_WHAT TO PRODUCE_:
What needs reproducing is the run of lines in the data below starting at the line with "this 1600×1200 image." and ending at the line with "this 1280×1281 image.", both ends included. Copy it exactly, without pictures, and add nothing.

_DATASET ENTRIES_:
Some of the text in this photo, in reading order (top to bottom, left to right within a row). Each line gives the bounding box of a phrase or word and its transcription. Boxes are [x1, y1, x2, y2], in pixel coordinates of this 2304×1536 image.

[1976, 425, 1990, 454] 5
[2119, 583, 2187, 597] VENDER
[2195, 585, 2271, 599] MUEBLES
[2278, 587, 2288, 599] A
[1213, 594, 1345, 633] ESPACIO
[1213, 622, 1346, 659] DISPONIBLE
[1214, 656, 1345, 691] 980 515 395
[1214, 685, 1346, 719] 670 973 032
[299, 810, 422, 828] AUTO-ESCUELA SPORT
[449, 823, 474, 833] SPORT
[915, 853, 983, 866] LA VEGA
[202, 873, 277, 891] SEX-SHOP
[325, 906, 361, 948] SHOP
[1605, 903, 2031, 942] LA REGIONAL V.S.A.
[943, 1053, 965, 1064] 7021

==

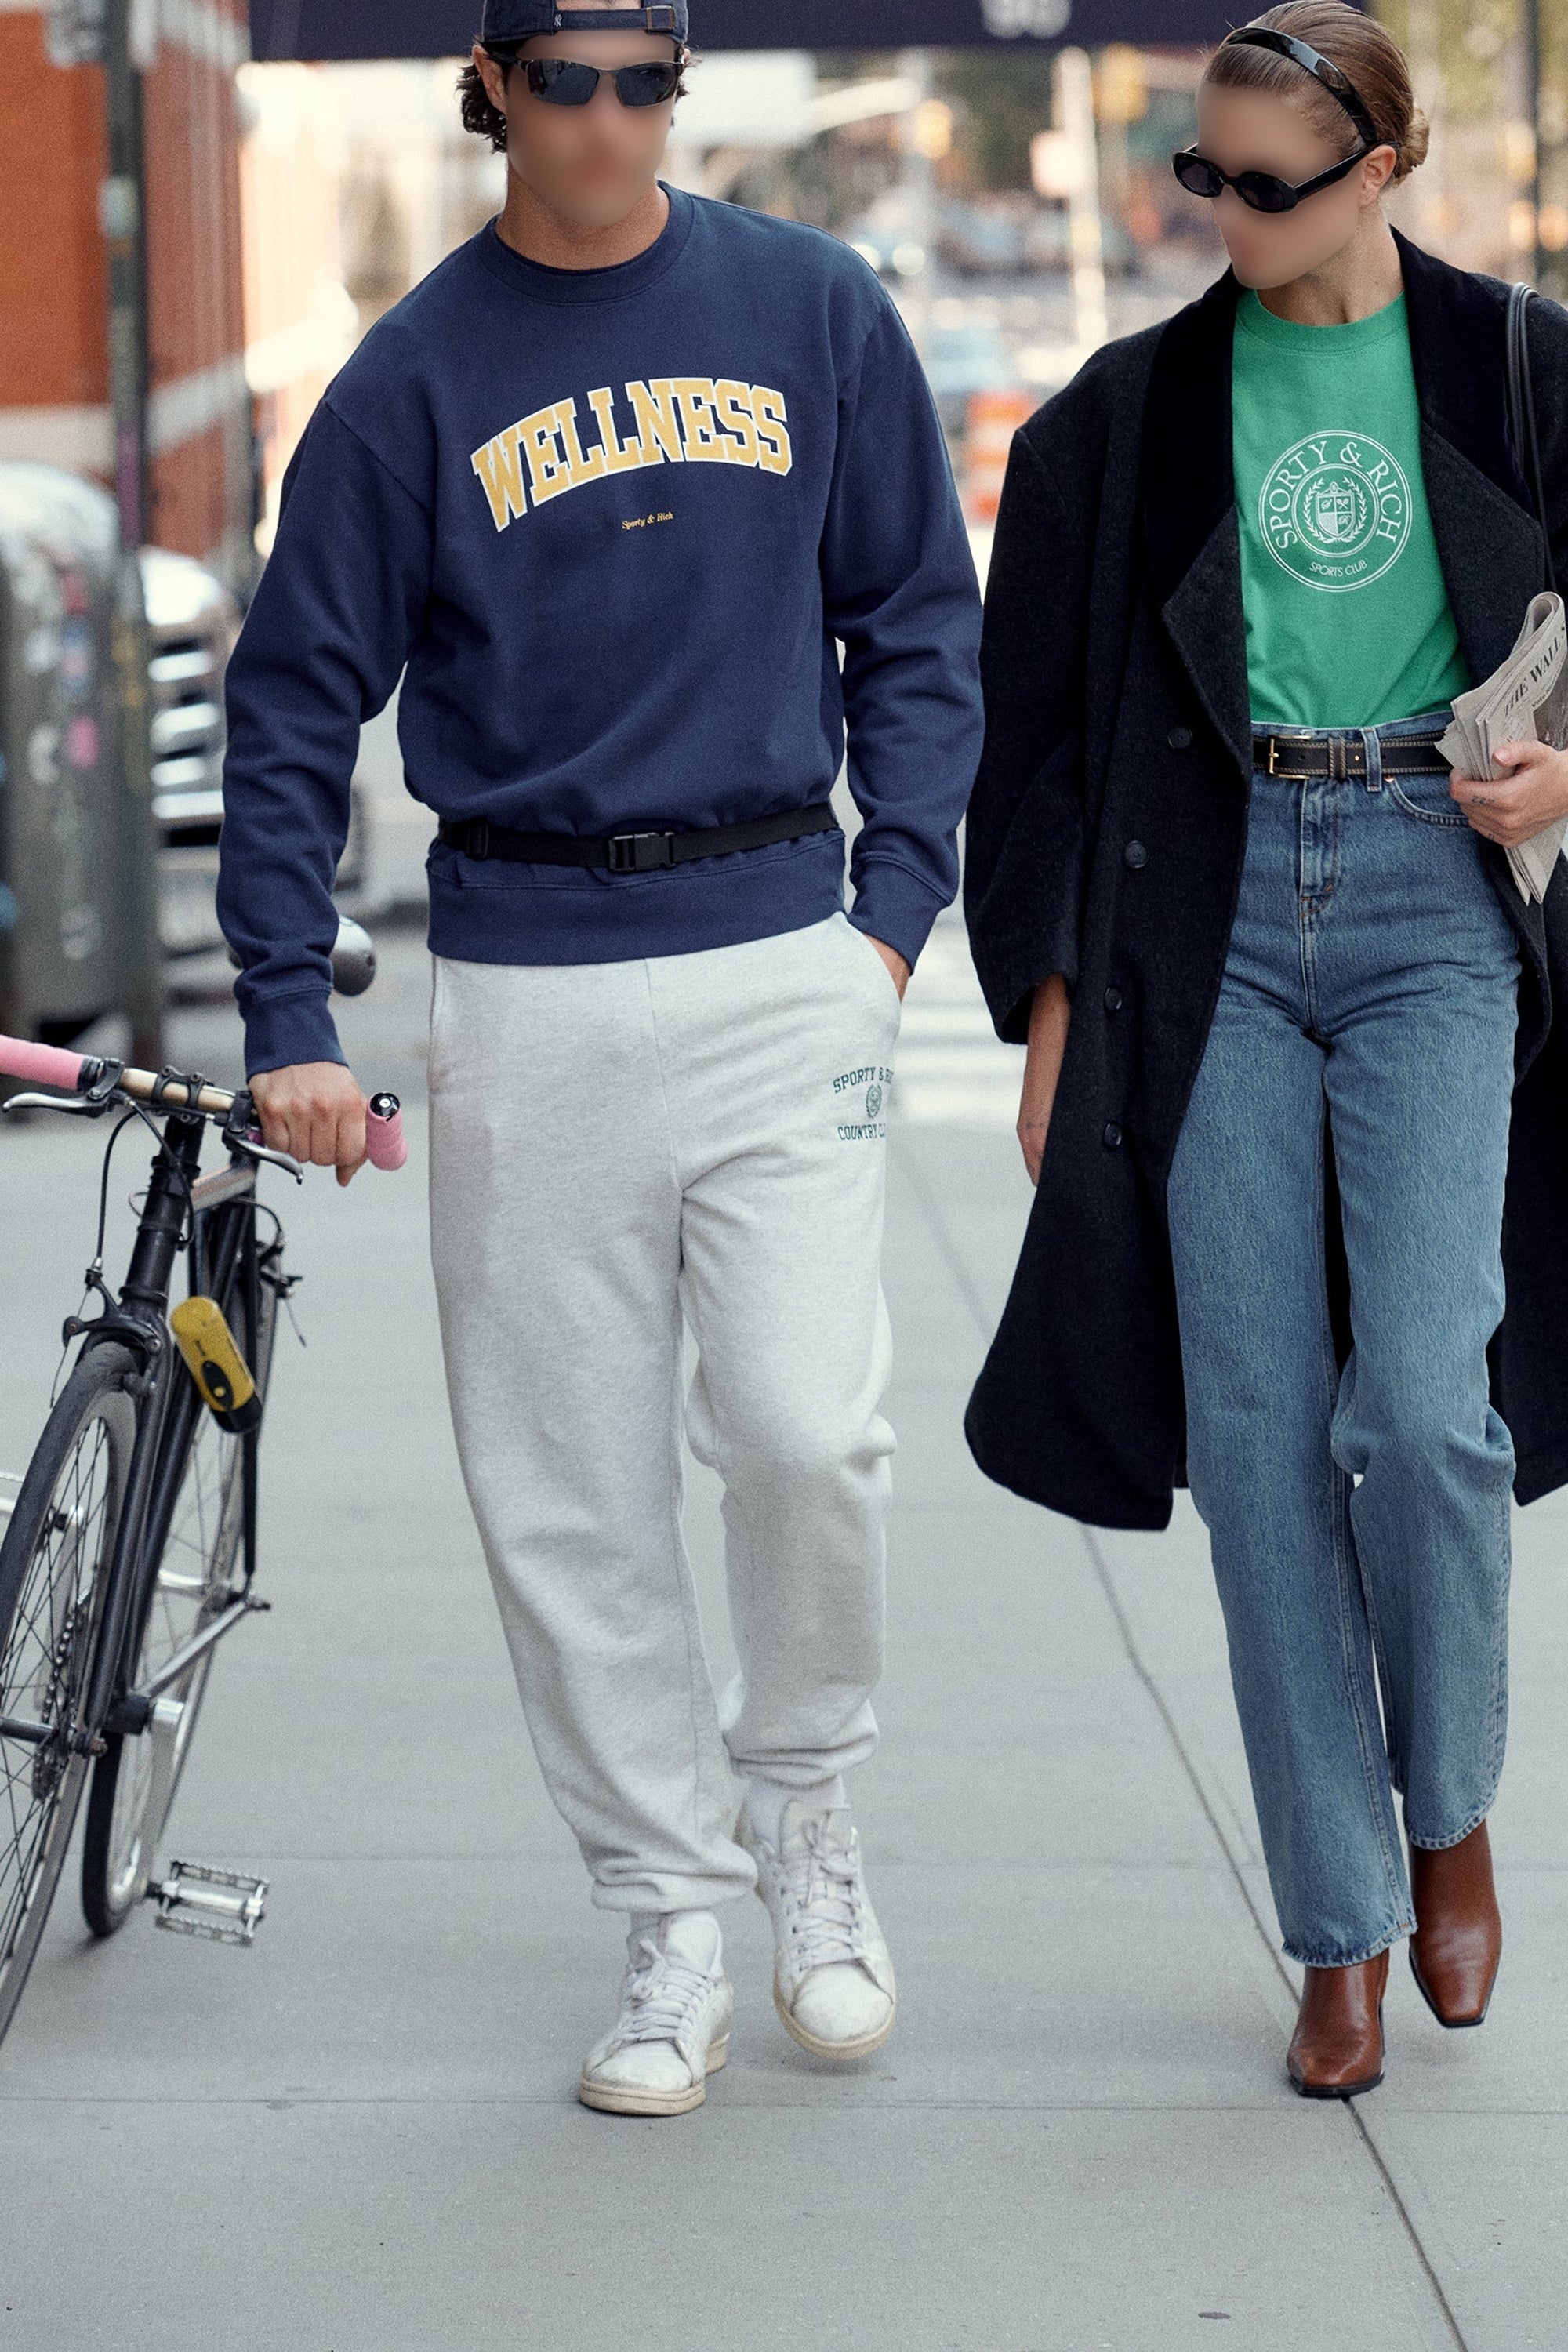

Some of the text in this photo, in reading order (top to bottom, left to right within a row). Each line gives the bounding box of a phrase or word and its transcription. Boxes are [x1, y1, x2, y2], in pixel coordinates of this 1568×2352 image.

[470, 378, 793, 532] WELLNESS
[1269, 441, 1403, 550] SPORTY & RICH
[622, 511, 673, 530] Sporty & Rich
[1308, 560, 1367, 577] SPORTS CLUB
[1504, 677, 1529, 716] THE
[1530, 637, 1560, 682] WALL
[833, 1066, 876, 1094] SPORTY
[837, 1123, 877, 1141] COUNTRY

* * *

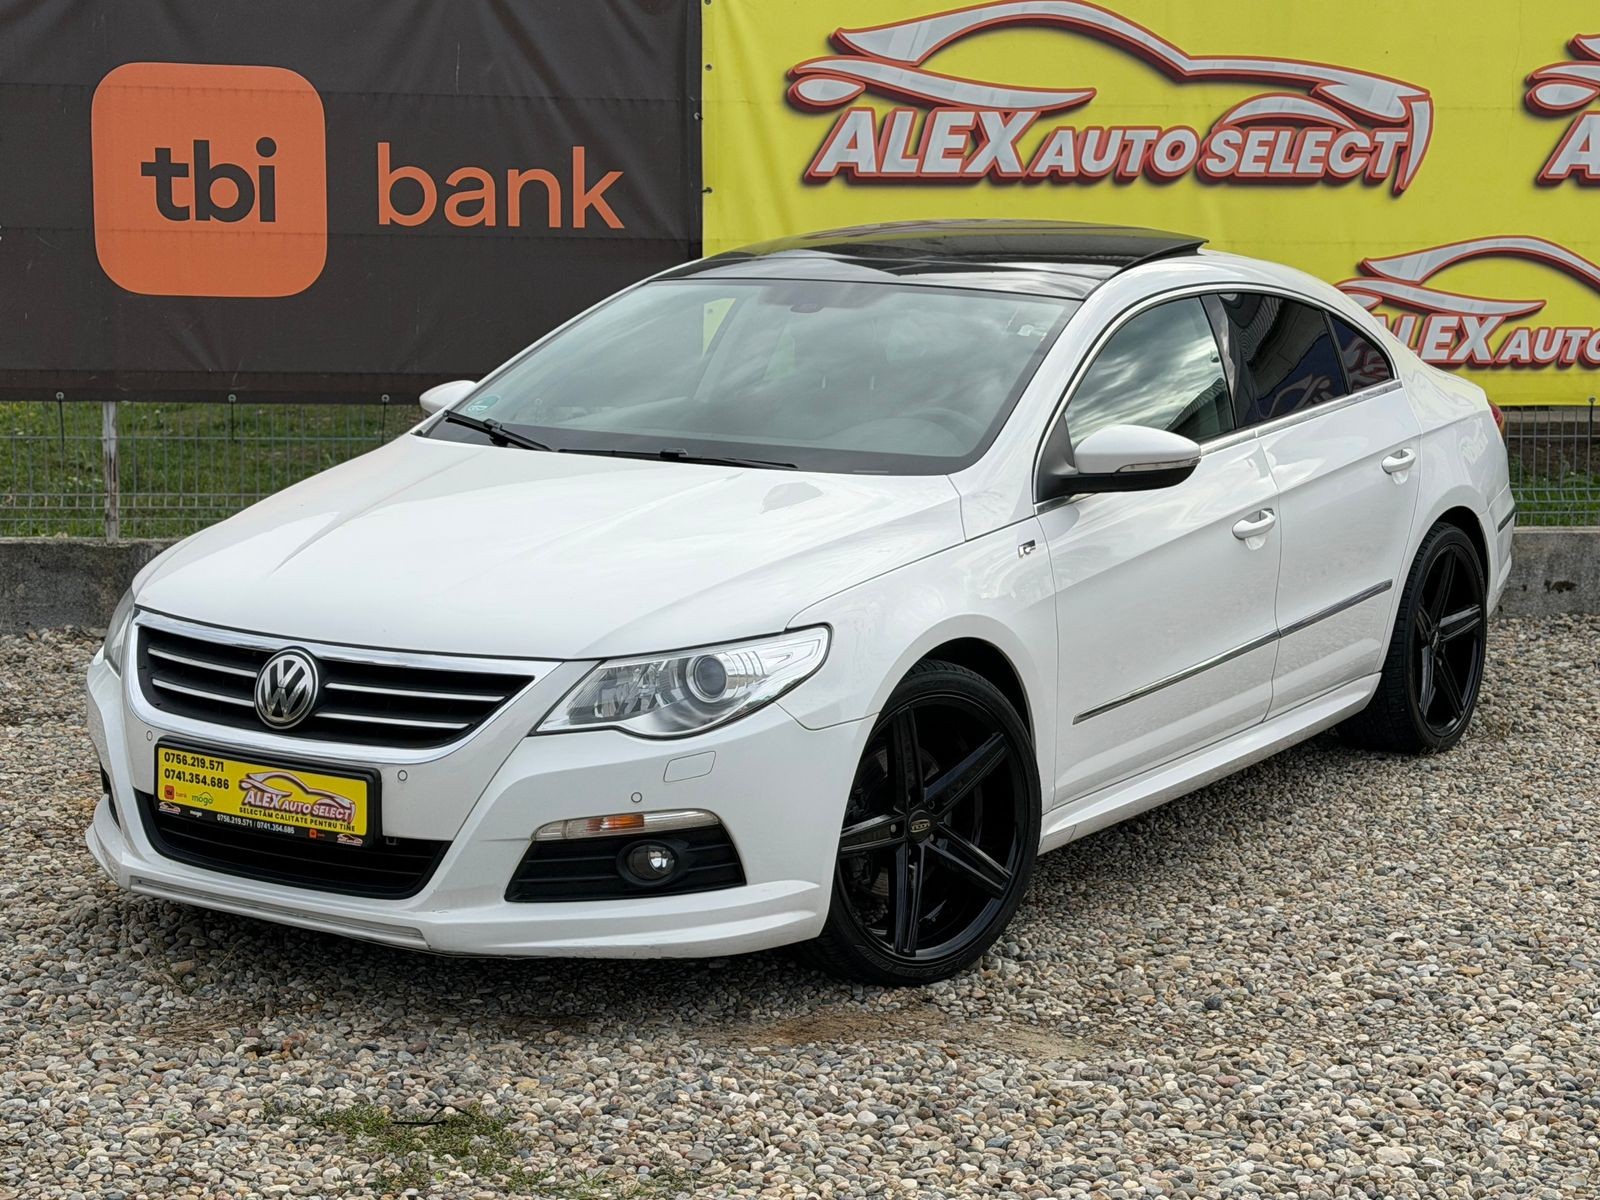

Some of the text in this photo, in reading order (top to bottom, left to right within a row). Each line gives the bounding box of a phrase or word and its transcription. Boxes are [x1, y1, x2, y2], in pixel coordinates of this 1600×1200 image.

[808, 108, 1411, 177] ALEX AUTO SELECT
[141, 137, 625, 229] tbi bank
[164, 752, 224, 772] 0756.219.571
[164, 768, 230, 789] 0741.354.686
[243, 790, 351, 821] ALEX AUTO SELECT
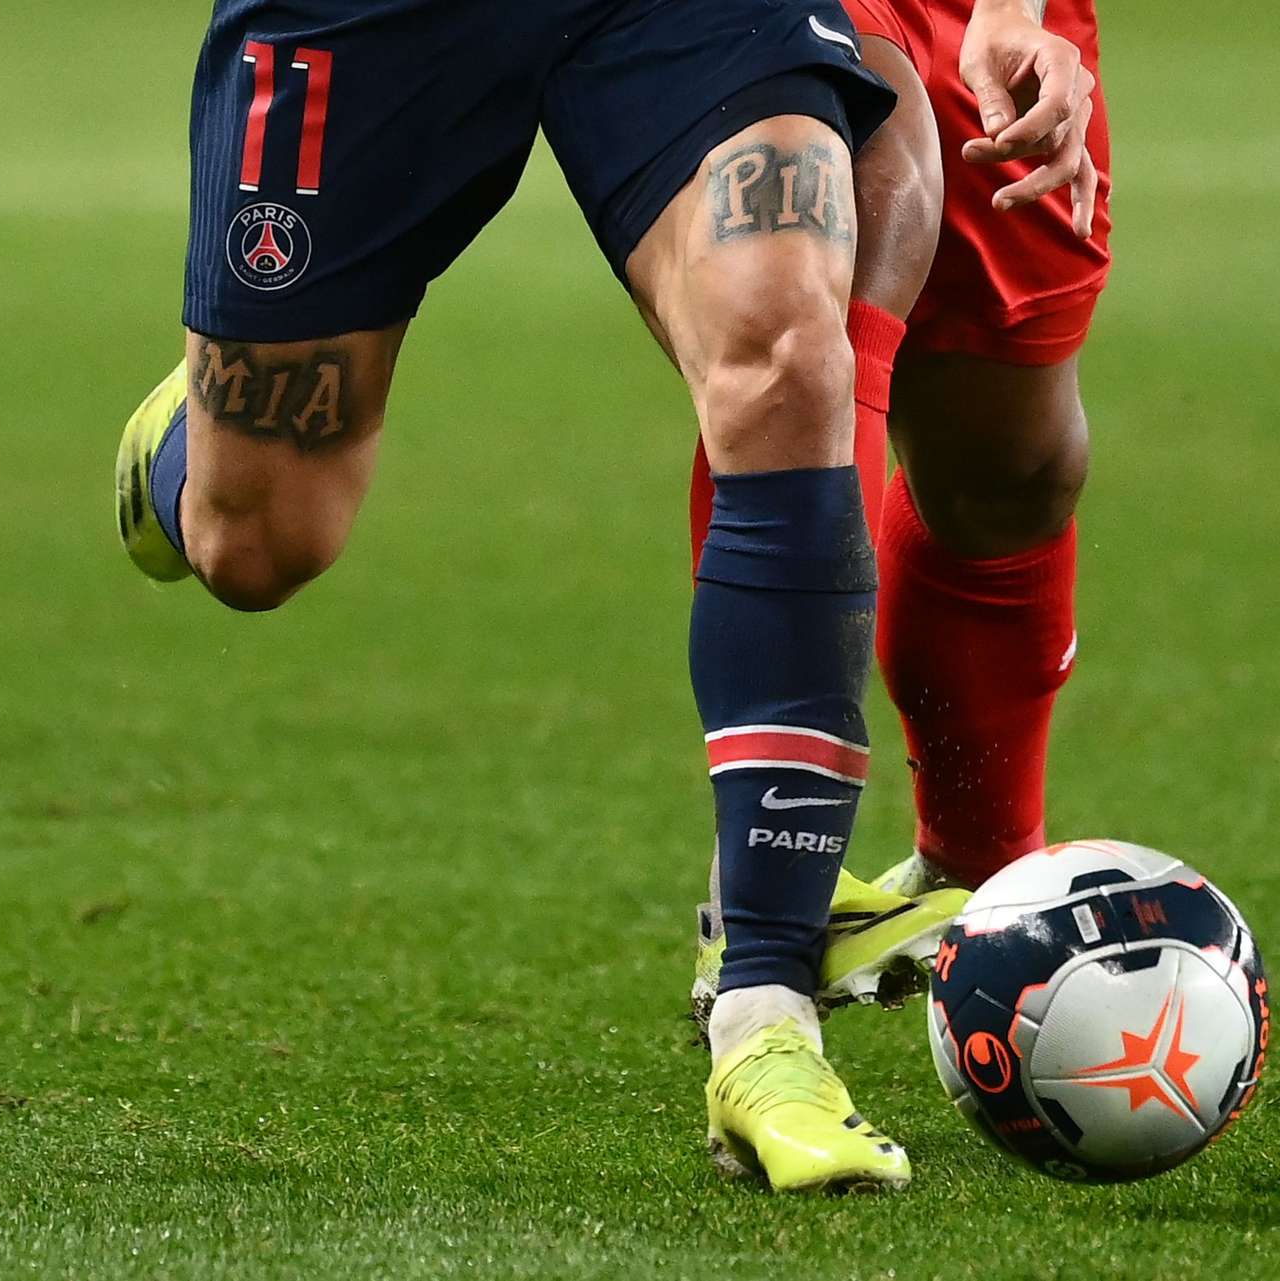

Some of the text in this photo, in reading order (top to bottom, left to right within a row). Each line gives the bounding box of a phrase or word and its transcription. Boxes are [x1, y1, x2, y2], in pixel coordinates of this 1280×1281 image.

_YOUR SOLUTION_:
Some of the text in this photo, in reading order (top to bottom, left to right within a row). Each line gives the bounding box of a phrase or word and its transcription. Boxes are [x1, y1, x2, y2], in pixel coordinates of this 1600×1200 image.

[808, 108, 1411, 177] ALEX AUTO SELECT
[141, 137, 625, 229] tbi bank
[164, 752, 224, 772] 0756.219.571
[164, 768, 230, 789] 0741.354.686
[243, 790, 351, 821] ALEX AUTO SELECT

Some of the text in this photo, in reading order (top to bottom, left to right within a row). Each line gives the bounding box of a phrase or word and its transcription. Boxes are [x1, y1, x2, y2], in pixel coordinates of this 1280×1281 image.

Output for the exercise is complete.